6.5 Publisher Contextual Marketing Obligations. Publisher agrees that any use of contextual media shall (a) be only with the express and fully informed consent of the Consumer; (b) include a clear and conspicuous, functioning uninstall mechanism; and © be in compliance with all applicable laws, rules, and regulations relating to contextual media and this Agreement. DLC Partners reserves the right to request additional information about Publisher’s use of contextual media, and Publisher agrees to promptly respond to any such request by DLC Partners with complete and accurate information. (xx)

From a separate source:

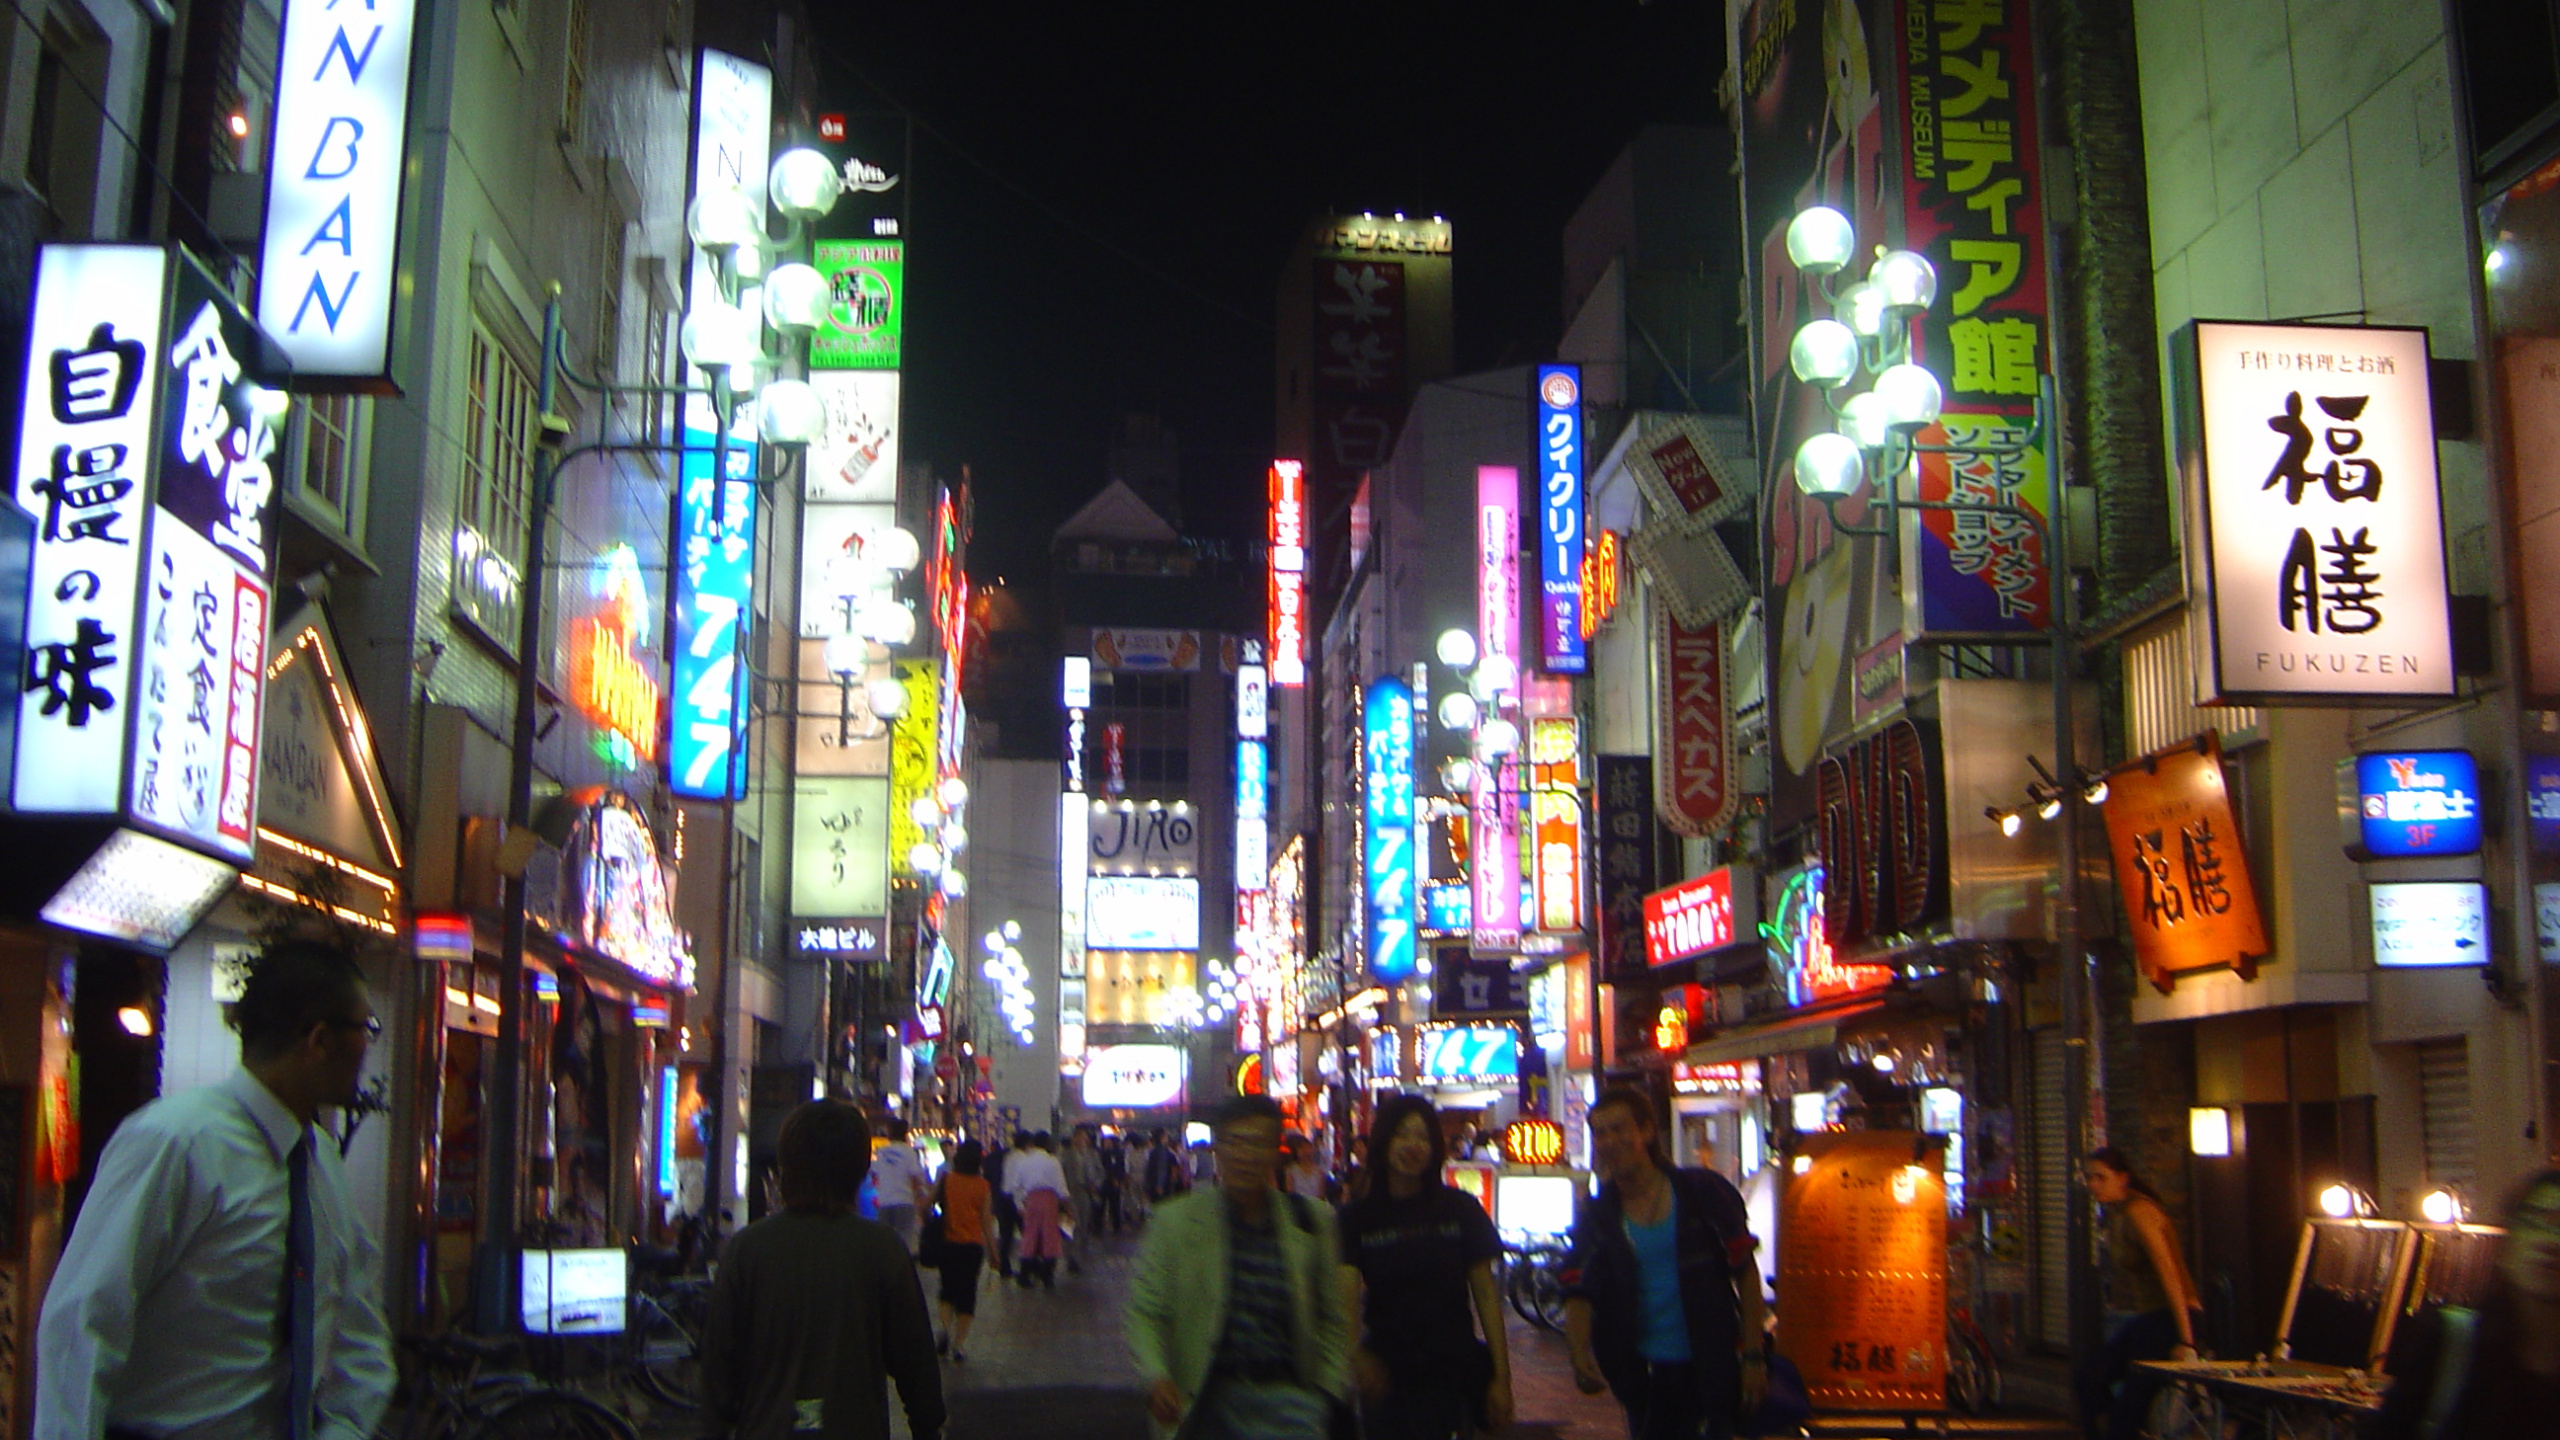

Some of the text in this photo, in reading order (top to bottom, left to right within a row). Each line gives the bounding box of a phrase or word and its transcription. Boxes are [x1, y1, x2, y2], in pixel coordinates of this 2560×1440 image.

6.6 Publisher Obligations. Publisher shall not engage in any of the following activities in any manner except with the prior, written approval of DLC Partners: (i) Publisher shall not modify or alter any Offer or Ad Creative in any manner. Publisher will only run approved banners and text in its advertising of Offers and will not create its own banners or advertising text based on the Creative or Offer, unless expressly approved in writing from DLC Partners. Publisher will comply with any additional Advertiser restrictions applicable to an Offer, including but not limited to allowed or prohibited traffic type and banned search terms. Any unapproved use of Offers or Creative will result in the loss of payment of Leads (ii) Any use of iframes that constitute a violation of the terms of Section 6.4, or any spoofing, redirecting or trafficking from adult-related websites in an effort to gain traffic, or websites that are point, lottery or rewards based and encourage users to click on Offers or use Offers to generate revenue for users to win points, get rewards, or other incentives are prohibited unless expressly approved in writing from DLC Partners.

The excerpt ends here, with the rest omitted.